- _What you have to do_: Give the records again in full, exactly as they appear, but without the pictures.
### Data for analysis ###
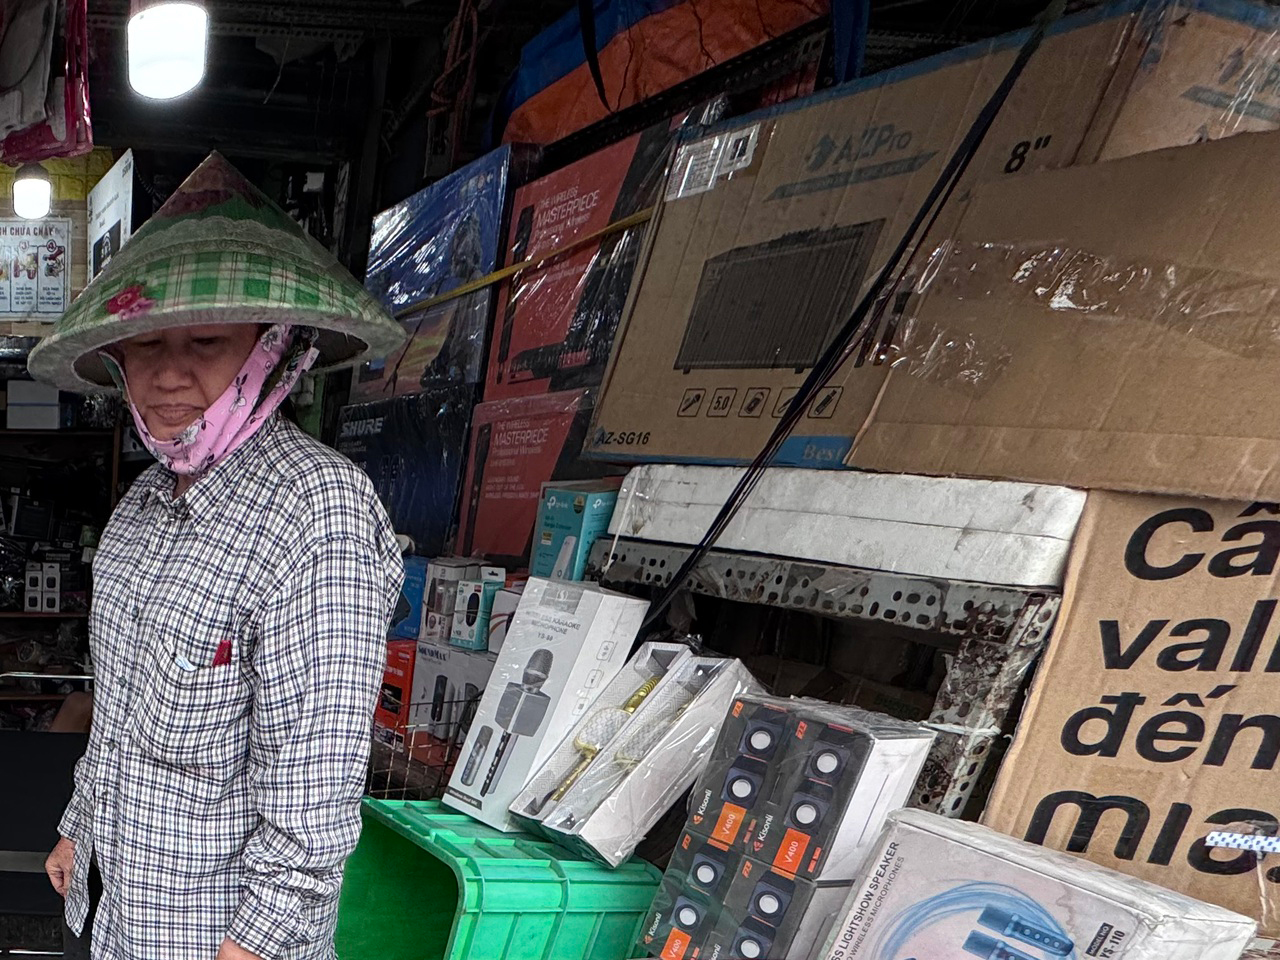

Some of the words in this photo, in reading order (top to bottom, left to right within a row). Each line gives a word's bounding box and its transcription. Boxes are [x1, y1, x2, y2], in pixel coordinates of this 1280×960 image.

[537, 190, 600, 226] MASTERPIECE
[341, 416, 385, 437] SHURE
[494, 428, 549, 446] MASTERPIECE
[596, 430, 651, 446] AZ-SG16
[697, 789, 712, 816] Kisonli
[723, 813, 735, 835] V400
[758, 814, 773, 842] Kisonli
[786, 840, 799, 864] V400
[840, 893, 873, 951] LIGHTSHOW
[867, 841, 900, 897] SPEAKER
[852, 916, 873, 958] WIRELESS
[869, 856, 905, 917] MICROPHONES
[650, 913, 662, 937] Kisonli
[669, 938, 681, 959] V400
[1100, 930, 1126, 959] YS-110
###
- _Exercise result_:
Some of the words in this photo, in reading order (top to bottom, left to right within a row). Each line gives a word's bounding box and its transcription. Boxes are [x1, y1, x2, y2], in pixel coordinates of this 1280×960 image.

[537, 190, 600, 226] MASTERPIECE
[341, 416, 385, 437] SHURE
[494, 428, 549, 446] MASTERPIECE
[596, 430, 651, 446] AZ-SG16
[697, 789, 712, 816] Kisonli
[723, 813, 735, 835] V400
[758, 814, 773, 842] Kisonli
[786, 840, 799, 864] V400
[840, 893, 873, 951] LIGHTSHOW
[867, 841, 900, 897] SPEAKER
[852, 916, 873, 958] WIRELESS
[869, 856, 905, 917] MICROPHONES
[650, 913, 662, 937] Kisonli
[669, 938, 681, 959] V400
[1100, 930, 1126, 959] YS-110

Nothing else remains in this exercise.